Your instructions »
Transcribe every entry word for word, leaving out all images.

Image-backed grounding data

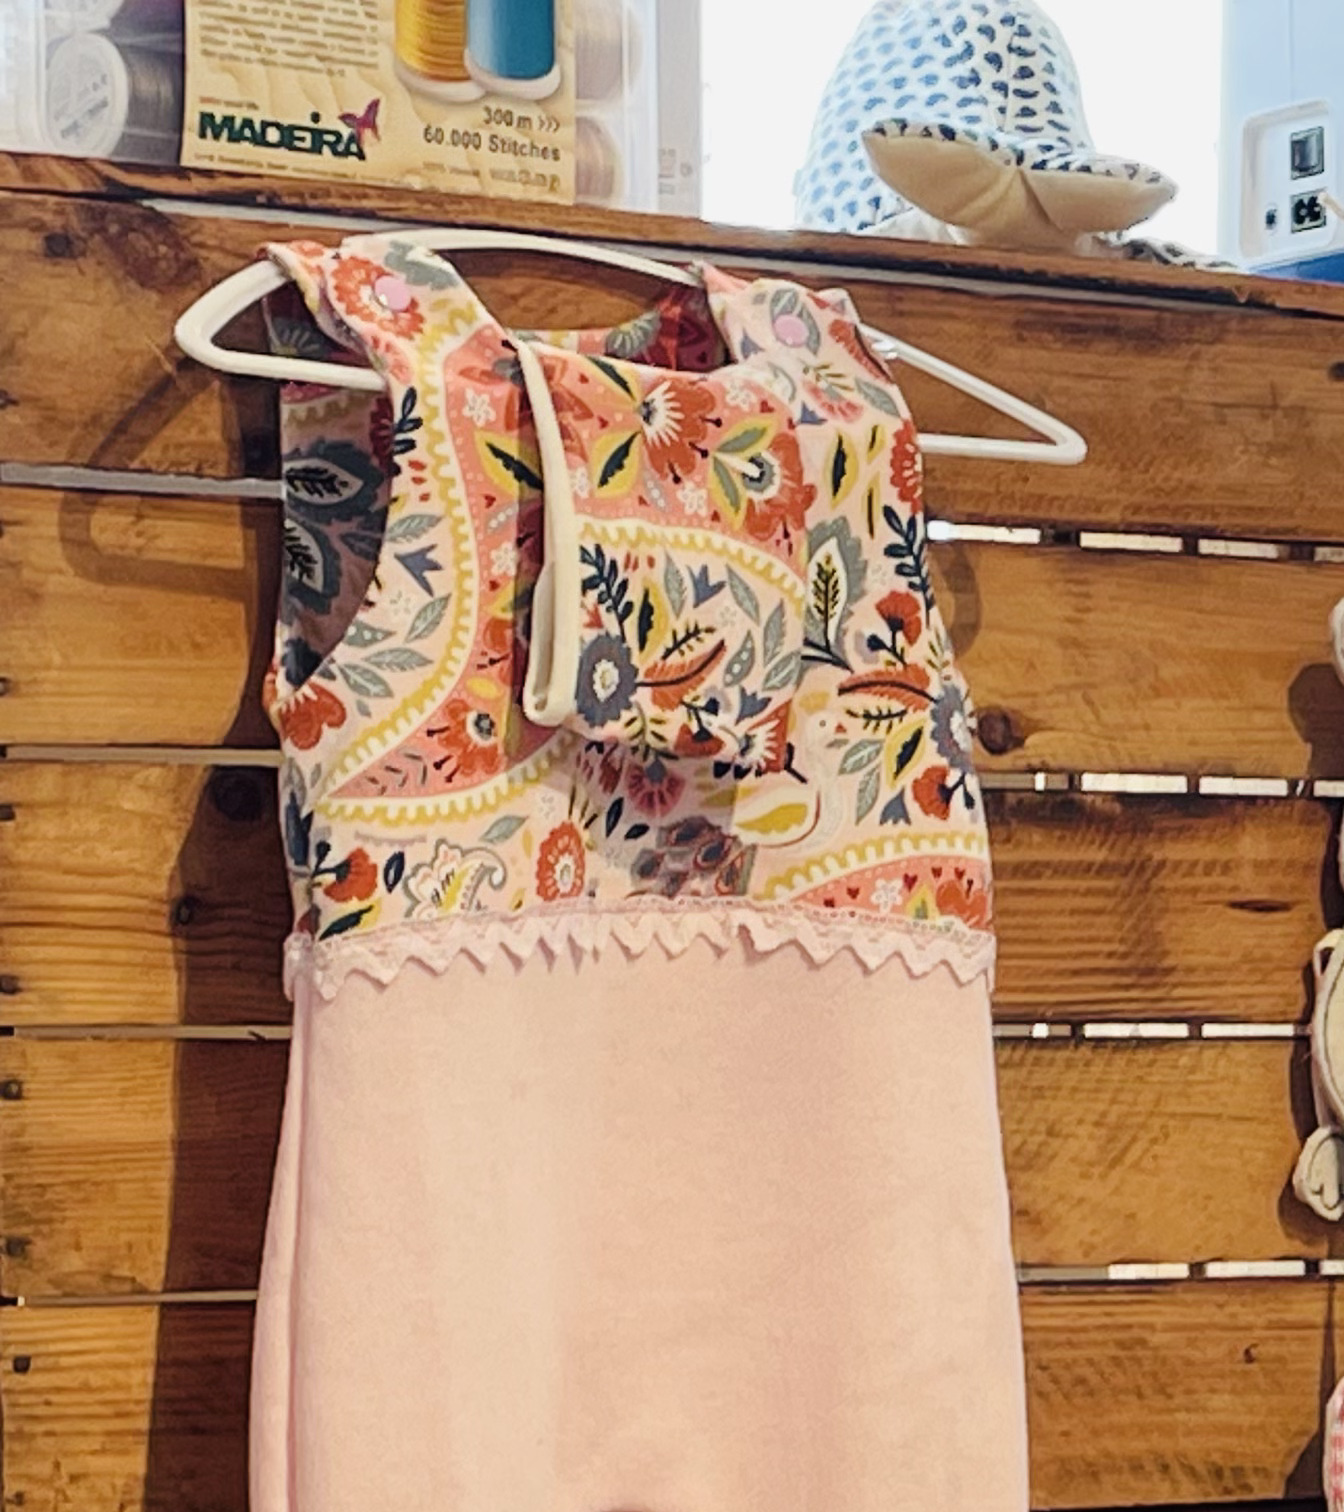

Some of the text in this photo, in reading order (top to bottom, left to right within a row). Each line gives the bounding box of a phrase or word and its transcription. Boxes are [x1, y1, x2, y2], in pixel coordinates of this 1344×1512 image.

[483, 106, 513, 127] 300
[198, 111, 367, 162] MADEIRA
[423, 124, 561, 162] 60.000 Stitches
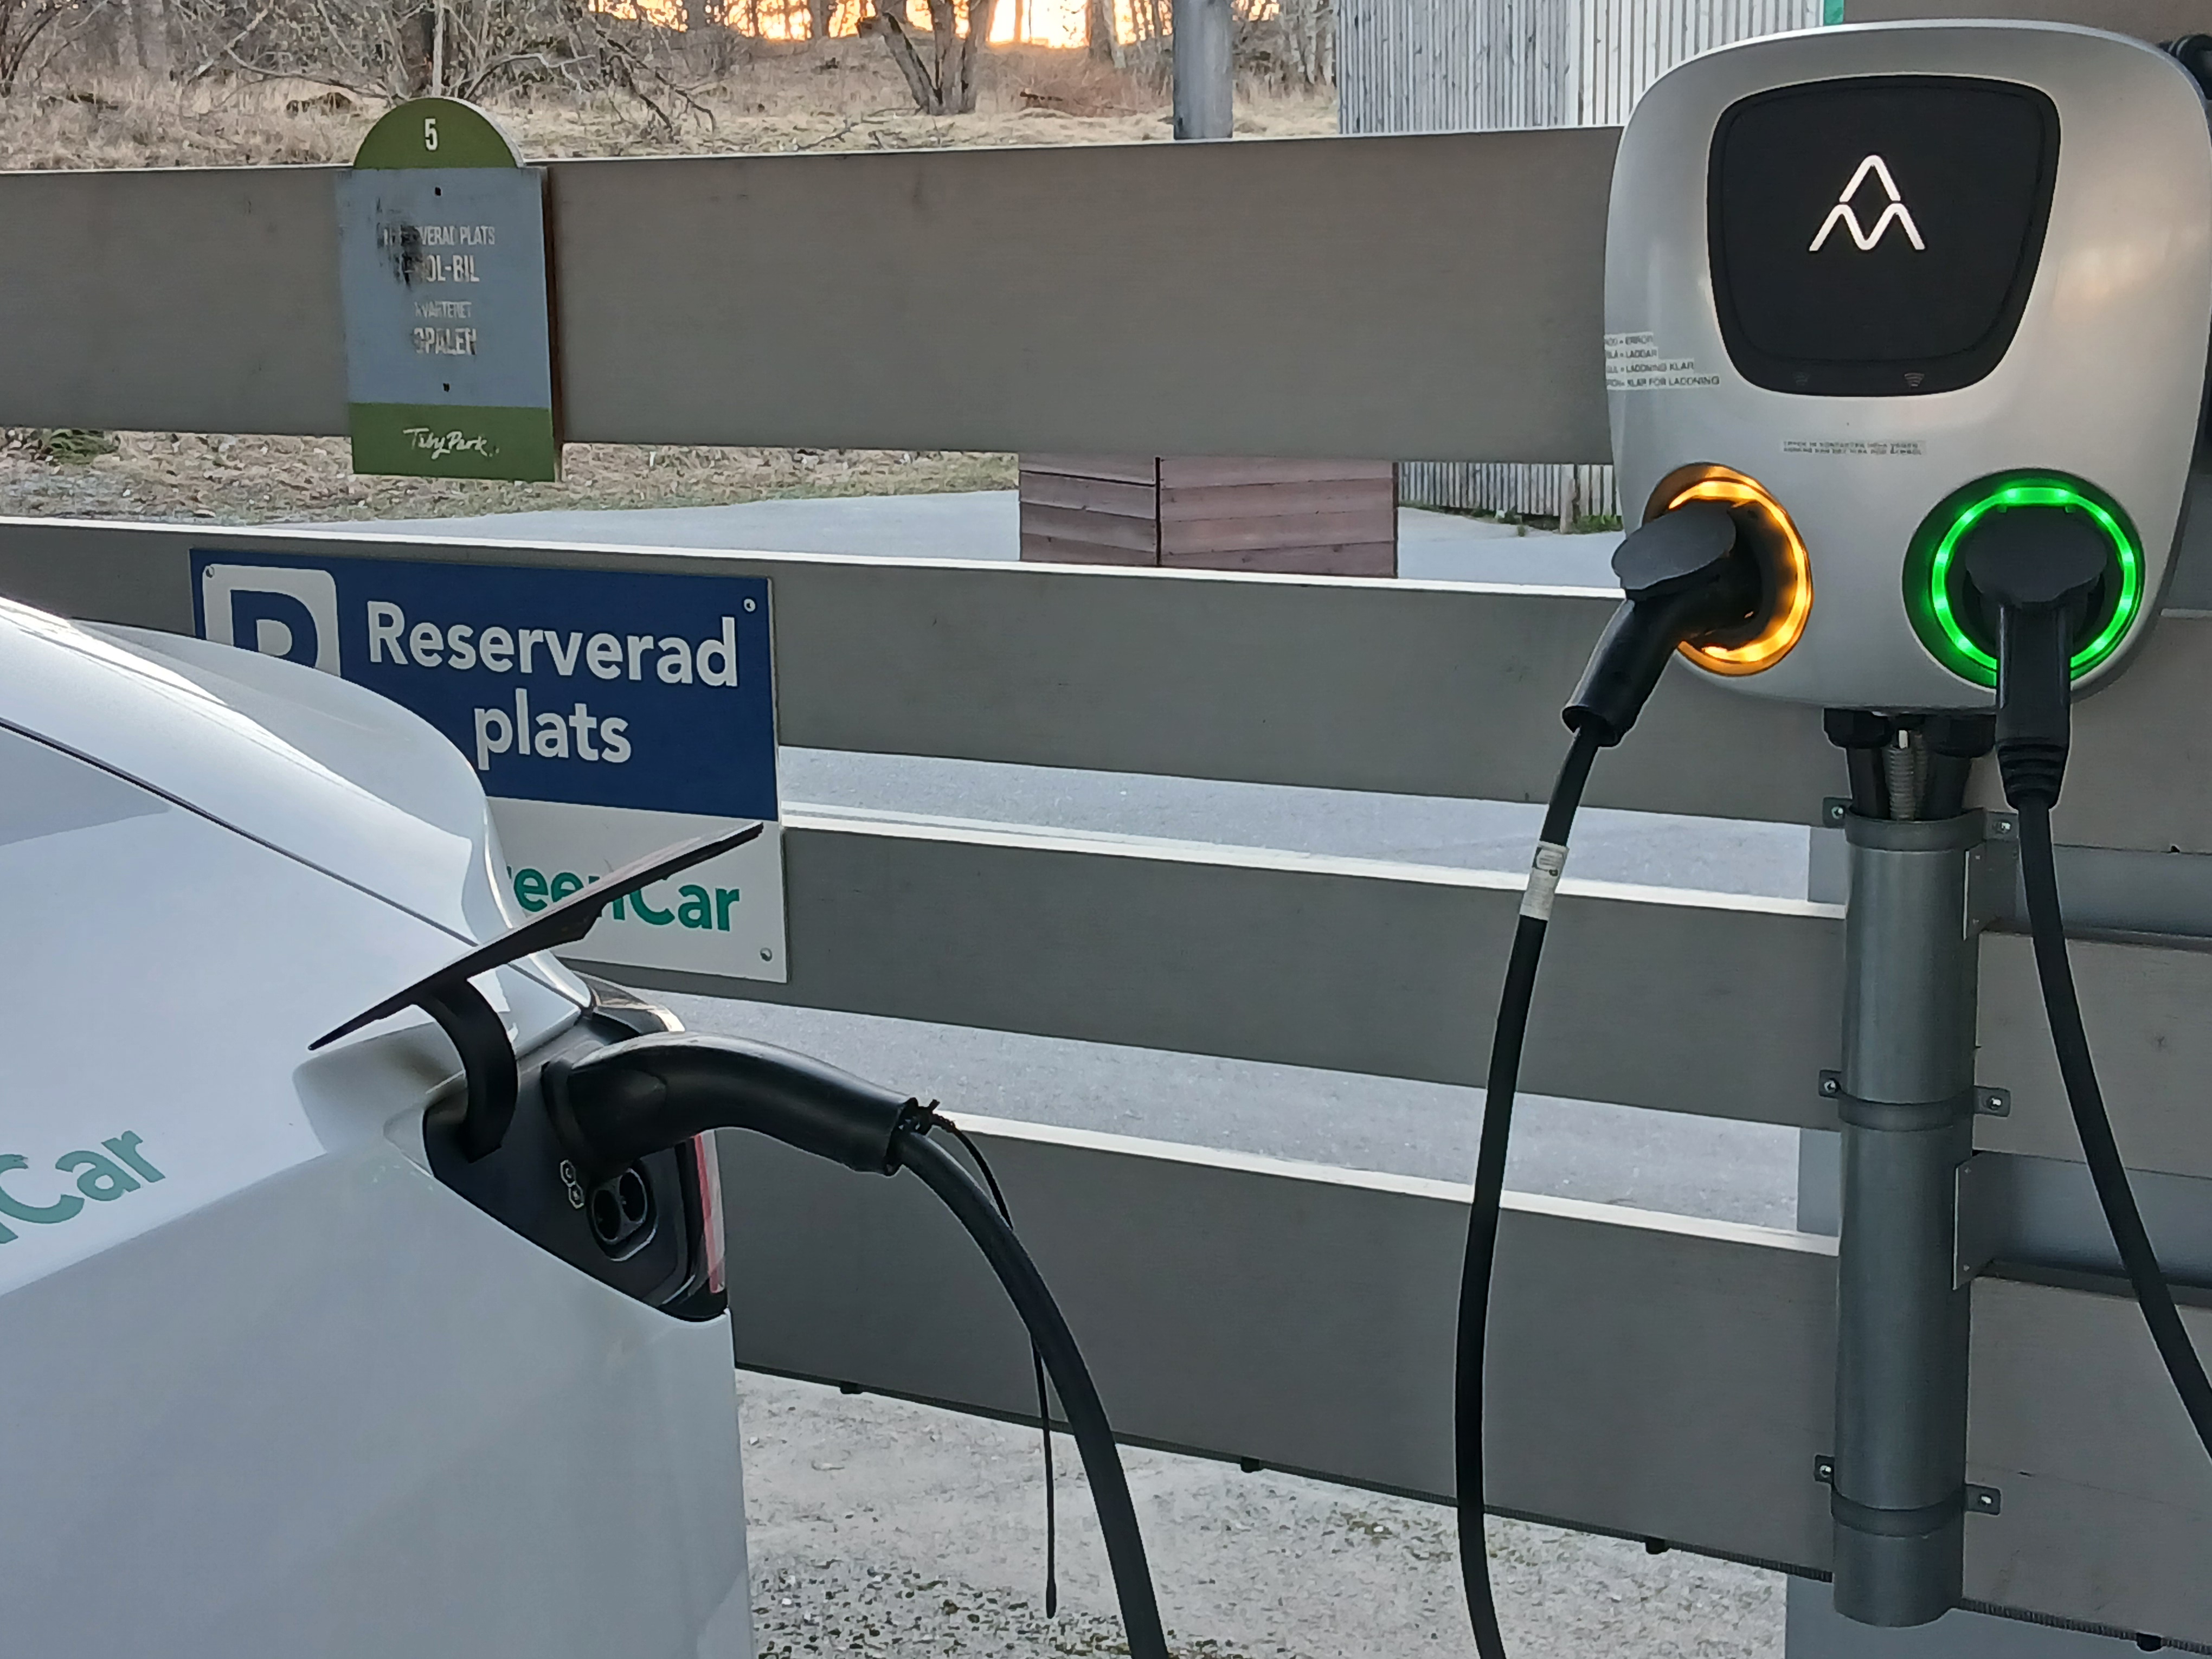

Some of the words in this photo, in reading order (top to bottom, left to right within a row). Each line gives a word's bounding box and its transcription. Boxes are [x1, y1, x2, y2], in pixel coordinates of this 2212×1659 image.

[425, 118, 438, 150] 5
[383, 225, 459, 246] VERAD
[460, 225, 495, 245] PLATS
[398, 255, 480, 282] OL-BIL
[367, 600, 738, 687] Reserverad
[473, 687, 632, 770] plats
[0, 1130, 165, 1244] Car

Response box »
Some of the text in this photo, in reading order (top to bottom, left to right within a row). Each line gives the bounding box of a phrase or word and its transcription. Boxes are [x1, y1, x2, y2], in pixel coordinates of this 1344×1512 image.

[483, 106, 513, 127] 300
[198, 111, 367, 162] MADEIRA
[423, 124, 561, 162] 60.000 Stitches

Some of the words in this photo, in reading order (top to bottom, left to right within a row). Each line gives a word's bounding box and its transcription. Boxes are [x1, y1, x2, y2], in pixel coordinates of this 2212×1659 image.

[425, 118, 438, 150] 5
[383, 225, 459, 246] VERAD
[460, 225, 495, 245] PLATS
[398, 255, 480, 282] OL-BIL
[367, 600, 738, 687] Reserverad
[473, 687, 632, 770] plats
[0, 1130, 165, 1244] Car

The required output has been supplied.